Un maillon dans la francophonie

La raison pour laquelle Darlene Arsenault a accepté de sortir du confort de sa retraite et se placer en position d’apprenante pendant plusieurs mois est qu’elle croit à la francophonie et que le postsecondaire fait partie du grand portrait.  «J’arrive avec un savoir qui me vient de ma carrière antérieure.  Je connais beaucoup de monde, j’ai été gestionnaire en éducation et je veux que le collège devienne l’incontournable pour les études postsecondaires en français à l’Île.  Les statistiques disent que lorsque les personnes étudient au postsecondaire en français, elles ont plus de chance de travailler en français et de vivre en français.  Le Collège est donc le point d’entrée dans la communauté francophone active.  Si on fait bien notre travail d’accueil, d’intégration, ils resteront.  Je parle ici surtout pour nos étudiants internationaux, mais je veux aussi comprendre comment le collège est perçu par les Prince-Édouardiens.  Selon moi, si on était visible, avec des installations dignes d’un établissement postsecondaire, ça pourrait changer», dit la dame.  

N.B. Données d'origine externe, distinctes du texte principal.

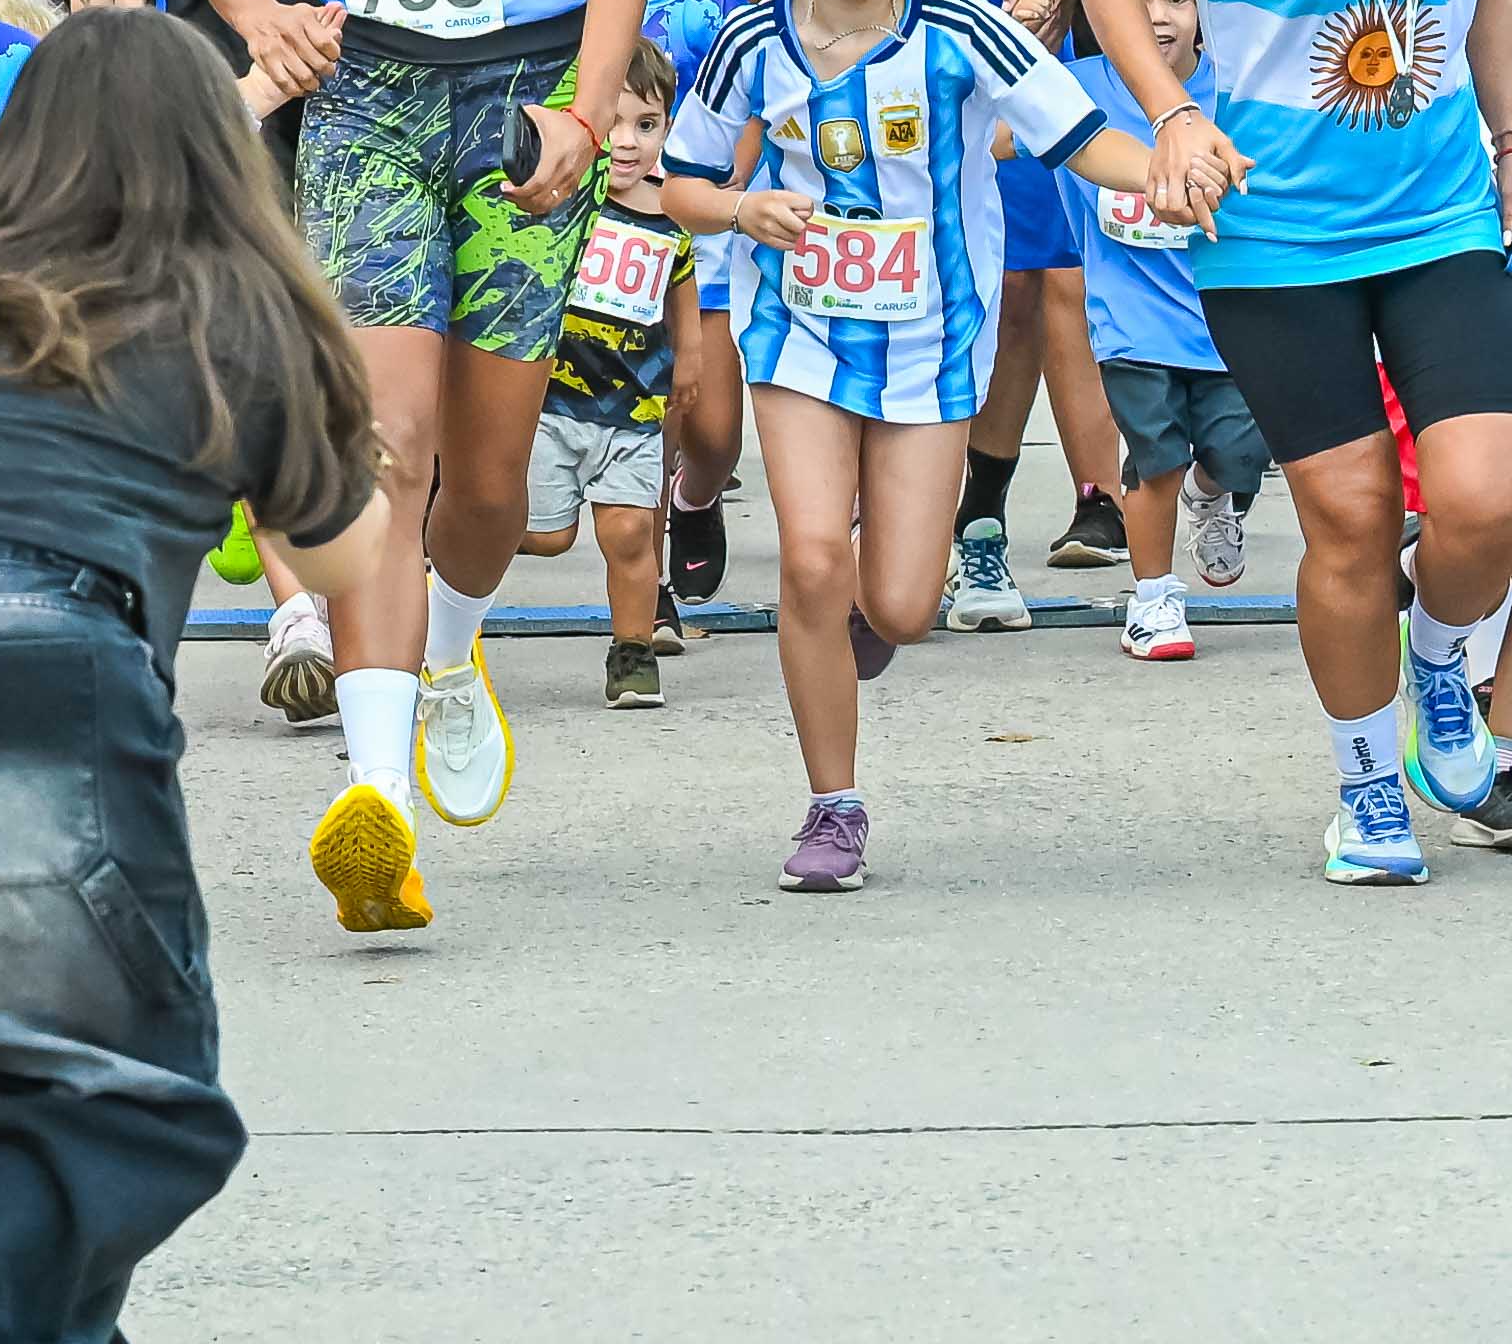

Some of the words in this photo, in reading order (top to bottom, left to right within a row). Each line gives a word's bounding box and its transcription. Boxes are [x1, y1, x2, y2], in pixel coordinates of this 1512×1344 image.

Depuis qu’elle est entrée en fonction, Darlene a rencontré chaque enseignant, pour avoir leurs opinions et observations et ainsi, mieux comprendre ce qui peut être fait et comment le faire.  «Personnellement, ce qui me nourrit, ce sont les relations humaines.  Je veux rencontrer les gens et créer une relation avec eux.  Je ne veux pas prendre ou participer à des décisions sans savoir qui cela va toucher et de quelle manière.  Je ne sais pas si j’aurai le temps, mais j’aimerais rencontrer tous les étudiants.  Cette session-ci, nous en avons environ 80, surtout des étudiants internationaux», précise la gestionnaire. 

Après la petite enfance, le postsecondaire?

Il y a déjà plusieurs années, les organismes francophones de l’Île-du-Prince-Édouard ont placé le secteur de la petite enfance en haut de la liste des priorités communes.  Le stratagème a eu des résultats très positifs.  Des places ont été créées, le recrutement s’est accéléré et les salaires sont maintenant beaucoup plus attrayants.  Peut-être est-il temps de mettre l’accent sur un autre secteur.  «Je ne veux pas dire que ce serait nécessairement le postsecondaire.  Peut-être qu’il y a un autre secteur à renforcer.  Qu’est-ce qui nous manquerait le plus, si on le perdait?  Qui ferait en sorte que dans 15 ans, on ne soit plus capable de travailler en français?»

«La francophonie, c’est ma passion.  Et c’est pour ça que je suis ici», conclut Darlene Arsenault.